Apple has formally filed a motion to vacate a court order demanding it assist the FBI in breaking into a locked iPhone.
"This is not a case about one isolated iPhone," the motion begins. "Rather, this is about the Department of Justice and the FBI seeking through the courts a dangerous power that Congress and the American people have withheld: the ability to force companies like Apple to undermine the basic security and privacy interests of hundreds of millions of individuals around the globe."
Apple has spoken out against the government's demands previously, but this is our first look at the legal arguments it will levy against the FBI and DOJ in what will likely be a long battle in the court system.
The government is seeking to force Apple to unlock an iPhone used by one of the San Bernardino terrorist attackers. The FBI says it wants to gather as much information from the phone as it can, and that it is asking for access to one phone and not a "master key" to encryption. Apple contends that the software the government wants it to build is a backdoor into the iPhone that would put countless users at risk, and set a dangerous precedent.
In today's motion, Apple calls the FBI's order unprecedented, says it has no support in the law and is unconstitutional.
Apple calls attention to the Communications Assistance for Law Enforcement Act (CALEA), which Congress has not updated in such a manner that would mandate companies like Apple put a backdoor into their products. The Obama administration decided not to pursue an updated and expanded version of CALEA, and Congress left the law untouched.
Furthermore, CALEA doesn't allow law enforcement "to require Apple to implement any specific design of its equipment, facilities, services or system configuration," which the company says is happening in this case.
The legislative and executive inaction on CALEA indicates neither Congress nor the president want law enforcement to have the powers it is now attempting to exercise, Apple argues, and in response, the DOJ and FBI have turned to the judiciary system to grant them those powers.
Apple says throughout its motion that a decision about whether companies should be required to build a backdoor into their devices should be decided by Congress, after public debate, and not by the courts. Cupertino calls the court system ill-suited for the task, not least because orders like the FBI's can come ex parte - without a party present - which is what happened to Apple.
Apple also struck at the All Writs Act and the FBI's invocation of it, essentially describing it as a limited law that doesn't "provide the judiciary with the boundless and unbridled power the government asks this Court to exercise." The company writes the FBI's order "goes well beyond the very limited powers afforded by Article III of the Constitution and the All Writs Act," and therefore "[the order] must be vacated."
As for its unconstitutionality, Apple says the FBI order violates its First Amendment protections against compelled speech and viewpoint discrimination as well as its rights under the Fifth Amendment due process clause, which protect the company against arbitrary action by the government.
The burdensome undertaking of GovtOS
To build the "compromised operating system" the government wants - what Apple calls GovtOS - it would require significant resources and effort to develop, deploy, test and document the process, the firm says.

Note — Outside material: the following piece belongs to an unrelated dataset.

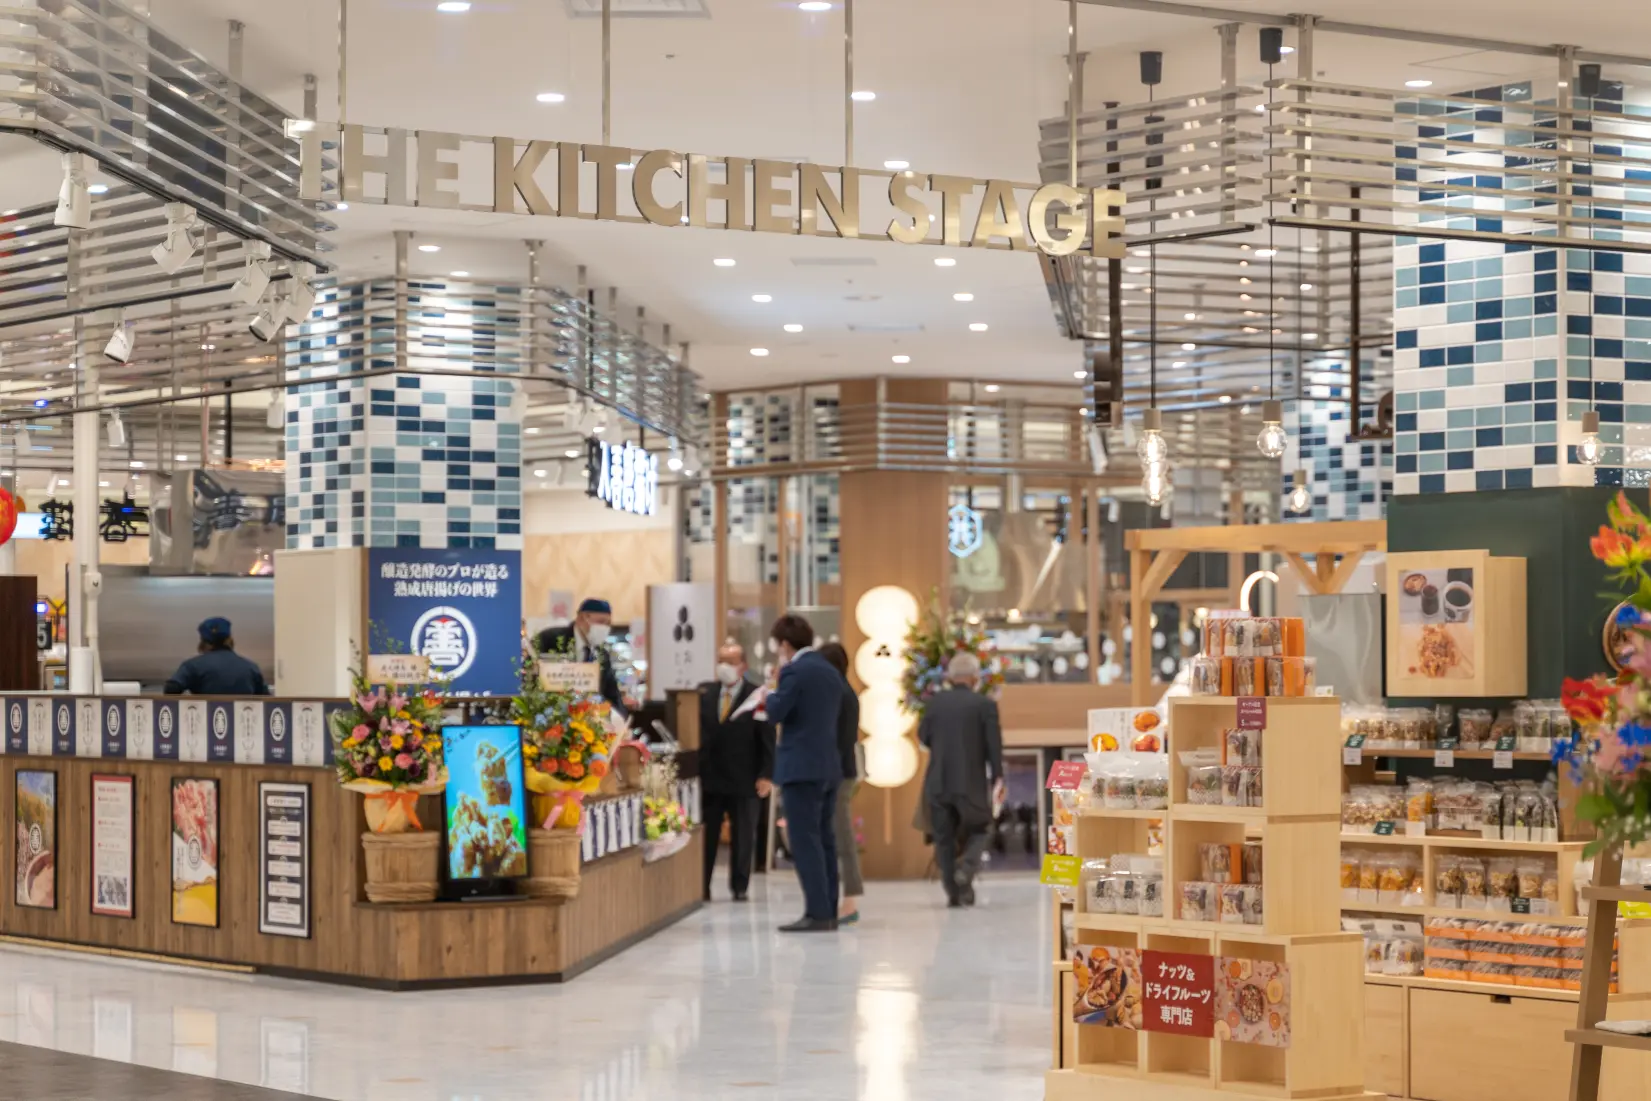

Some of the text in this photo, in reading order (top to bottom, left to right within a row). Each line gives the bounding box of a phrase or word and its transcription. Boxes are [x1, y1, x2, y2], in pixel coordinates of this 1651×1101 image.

Six to 10 Apple engineers and employees would need to dedicate most of their time over a period of two to four weeks to design, create, validate and deploy the software, though it can't say for sure since this has never been done before.
Apple describes the software's creation as a ground-up effort in which new code is written and tested. The company outlines a burdensome undertaking that includes documenting and deploying the software, testing it on multiple devices, looking for unintended consequences, watching it doesn't actually destroy data, and, eventually, possibly destroying it.
Everything would be logged, recorded, and preserved, Apple says. While it doesn't make an explicit connection to it in the motion, this does align with CEO Tim Cook's earlier argument that it's unrealistic to expect the software to totally disappear after it's used on the iPhone. Pending court cases also suggest that if the precedent is set now, Apple will be ordered to create software that breaks its own security systems again.
And Apple argues that if the software isn't destroyed, the danger to the public is inherent because it would put the private information of millions of innocent people at risk while criminals work to secure the encryption tool. It places the burden on the public, Apple says, and not on those who mean harm.